/tudelft-damage-identification

AE2223-I Research Project at TU Delft — Acoustic emission-based damage identification in CFRP

Primary LanguagePython

Acoustic emission-based damage identification in CFRP

A novel machine learning method to cluster and identify damage modes in CFRP in compression-after-impact tests

This is the repository for the TU Delft AE2223-I research project of group D5. The goal is the identification of the damage mode in composites under compression after impact based on acoustic emission measurements. A data analysis pipeline consisting of pre-processing, feature extraction, dimensionality reduction and clustering performs this task.

Links:

Setup

To get started with development:

  1. Ensure that Python 3.9 is installed.
  2. Clone the GitHub repository by clicking on the green "Code" button above and follow the instructions.
  3. Open the cloned folder in PyCharm (other IDEs can be used, adjust the following instructions accordingly).
  4. Add a new interpreter in a Virtualenv environment. This ensures isolation so that the packages for this project do not conflict with your preinstalled ones.
  5. Install all required packages by opening requirements.txt and clicking "Install requirements". This ensures that everyone uses the same package versions, preventing bugs that might be hard to find.
  6. Read the code and Git guidelines in this document so the code stays consistent and clear.

Usage

To run the code from the console, make sure you are in the project directory and activated the virtual environment (<venv>\Scripts\activate.bat on Windows, source <venv>/bin/activate on Linux).

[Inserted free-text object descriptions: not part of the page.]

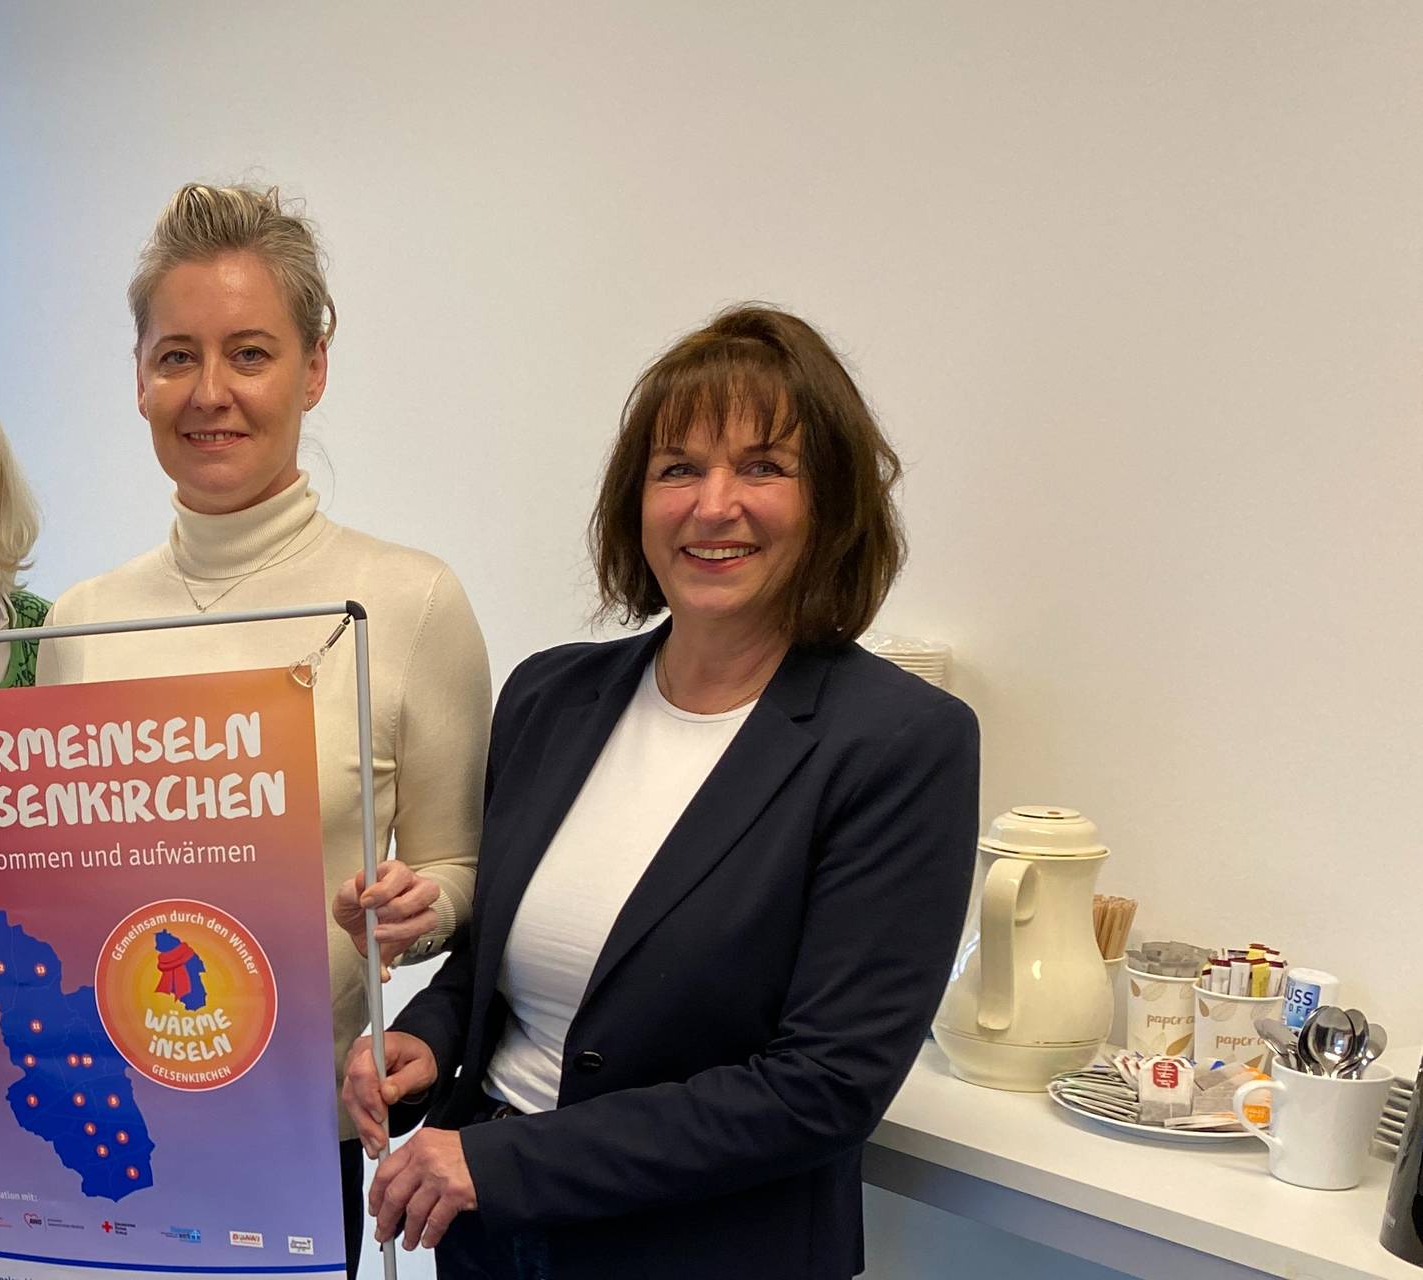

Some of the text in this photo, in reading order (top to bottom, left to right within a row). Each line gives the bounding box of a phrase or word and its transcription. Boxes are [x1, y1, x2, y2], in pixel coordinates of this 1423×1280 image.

[80, 843, 122, 868] und
[129, 841, 257, 866] aufwärmen
[170, 910, 204, 926] durch
[206, 918, 229, 938] den
[228, 933, 259, 976] Winter
[145, 1008, 232, 1037] WÄRME
[1147, 1014, 1184, 1030] paper
[1216, 1035, 1255, 1051] paper
[152, 1064, 231, 1083] GELSENKIRCHEN
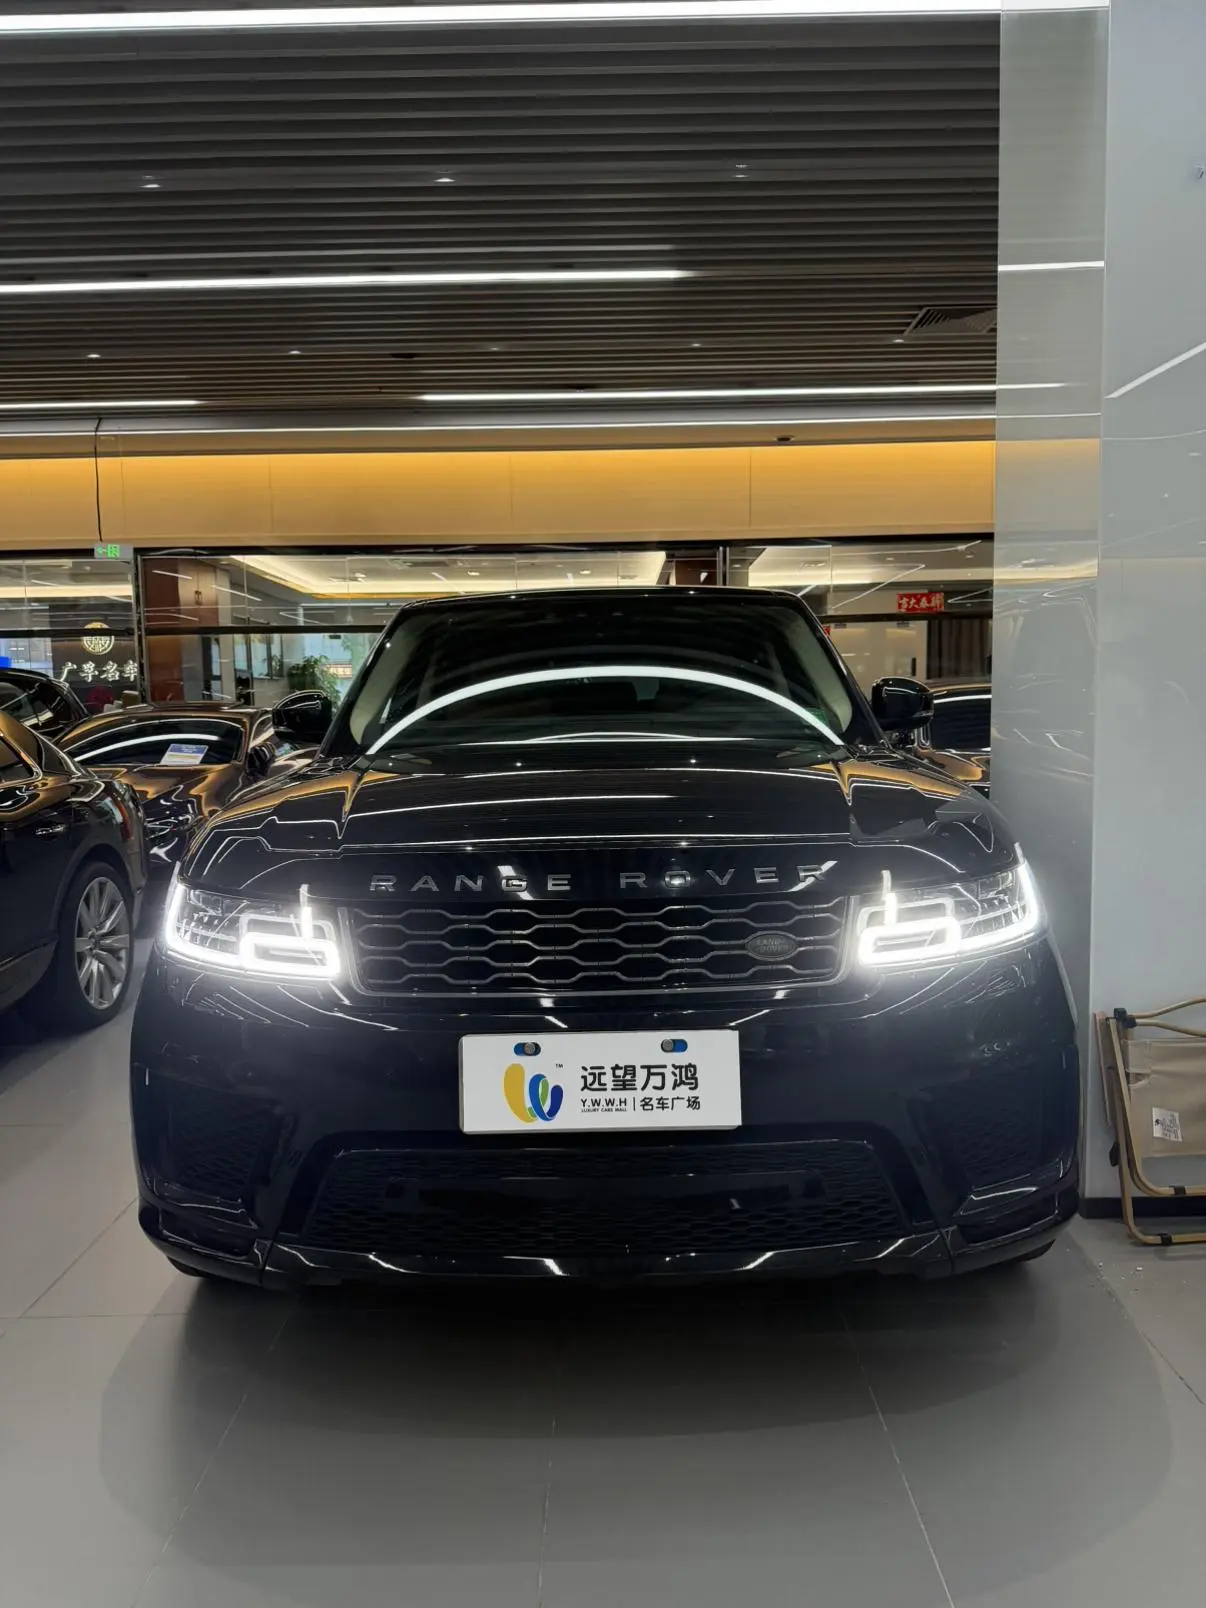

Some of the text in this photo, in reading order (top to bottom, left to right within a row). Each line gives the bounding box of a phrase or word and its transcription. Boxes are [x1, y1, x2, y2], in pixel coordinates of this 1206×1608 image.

[369, 864, 826, 893] RANGE ROVER
[580, 1062, 699, 1091] 远望万鸿
[580, 1096, 700, 1111] Y.W.W.H 名车广场
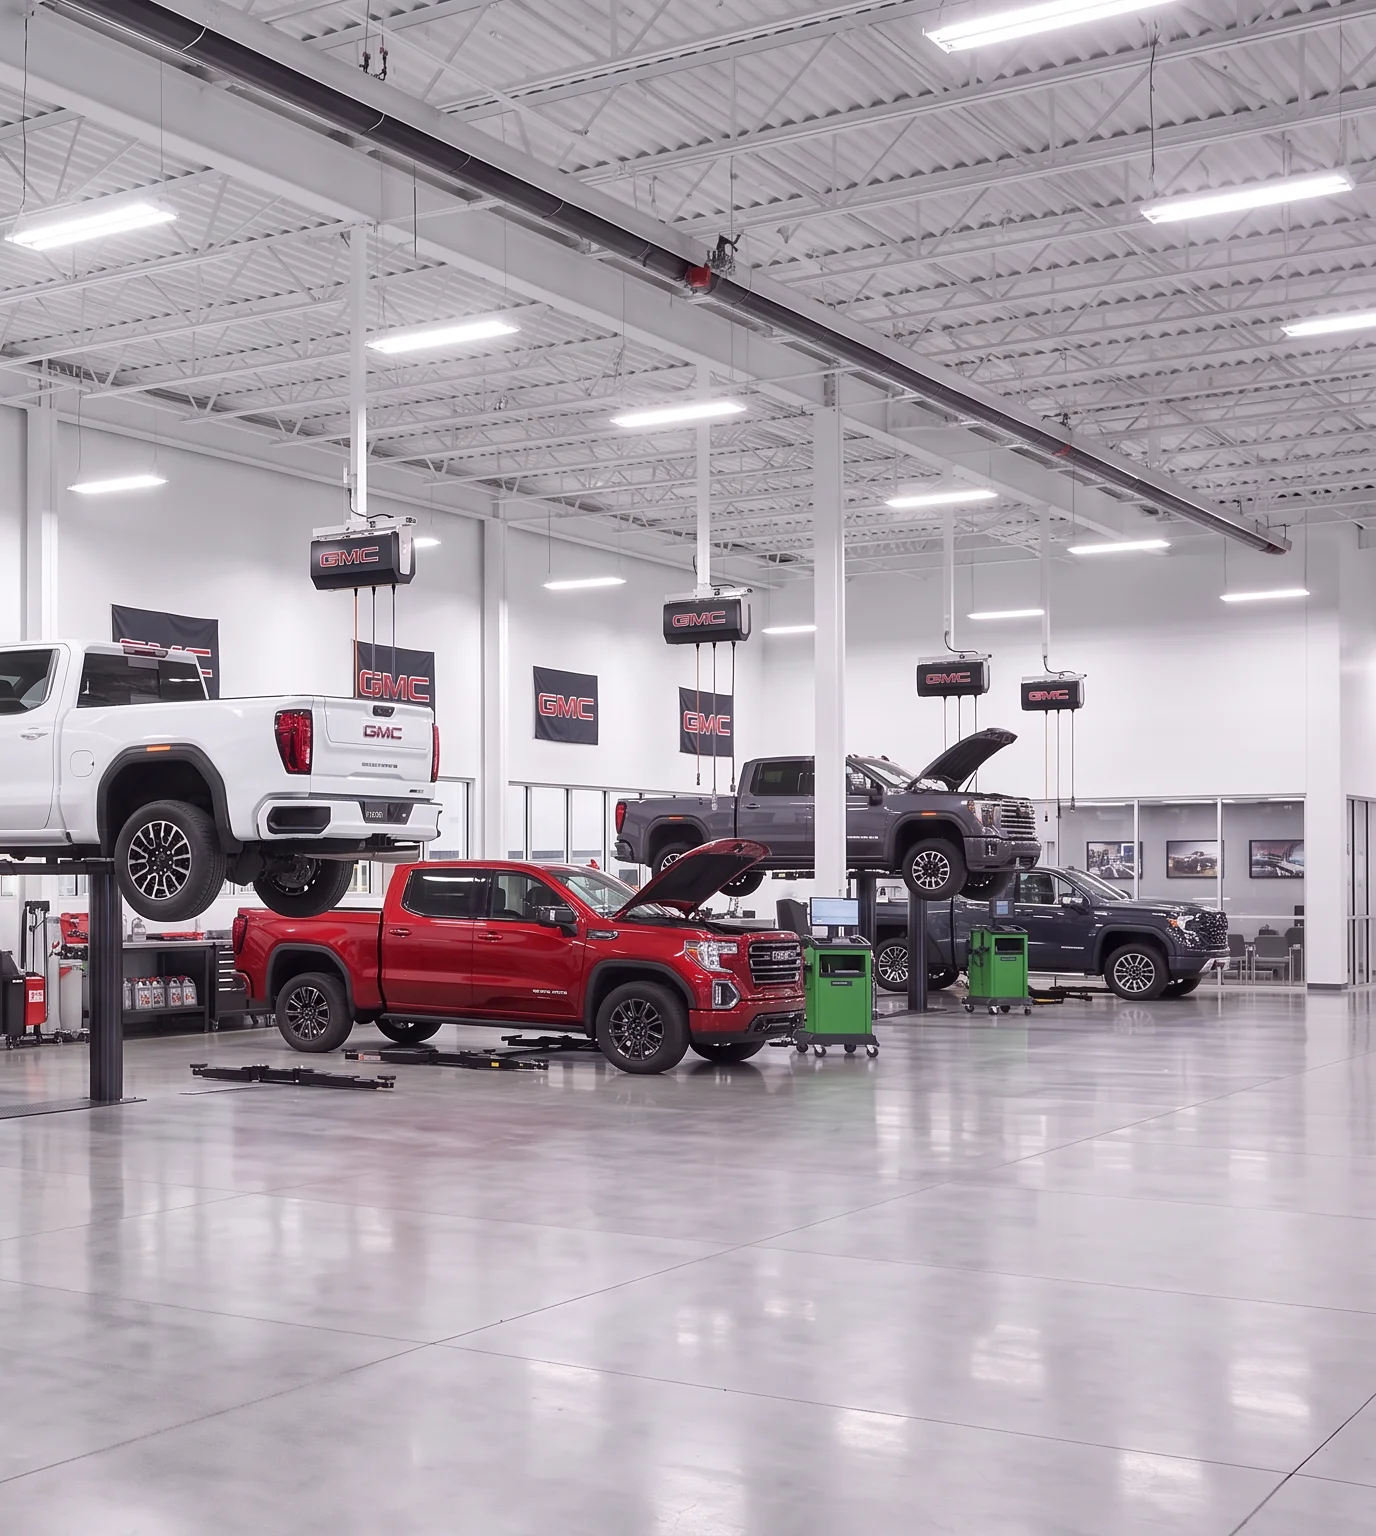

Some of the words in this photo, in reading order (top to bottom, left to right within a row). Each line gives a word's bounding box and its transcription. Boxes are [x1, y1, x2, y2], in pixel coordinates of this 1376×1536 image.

[320, 546, 379, 568] GMC
[672, 610, 726, 628] GMC
[359, 669, 430, 702] GMC
[925, 671, 971, 685] GMC
[1028, 689, 1069, 701] GMC
[538, 692, 594, 720] GMC
[363, 724, 403, 740] GMC
[683, 710, 731, 736] GMC

The main script can then be executed using python -m damage_identification [mode] where possible modes are:

  • train: train the pipeline (mostly feature extraction, PCA and clustering) on a training data set
  • predict: predict the damage mode of one or multiple examples using a trained pipeline and show evaluation results
  • --help: show a help message with all possible command line options. This can also be appended to every mode to show mode-specific options.

Alternatively, the scripts in bin can be used which automatically activate the virtual environment and offer the same parameters.

The dataset(s) are specified as positional argument. Multiple data files can be given, separated by commas. Multiple files is only recommended for training. During prediction, issues may occur if predicting on multiple datasets simultaneously. For example, metadata normalization (force, displacement) will be inconsistent.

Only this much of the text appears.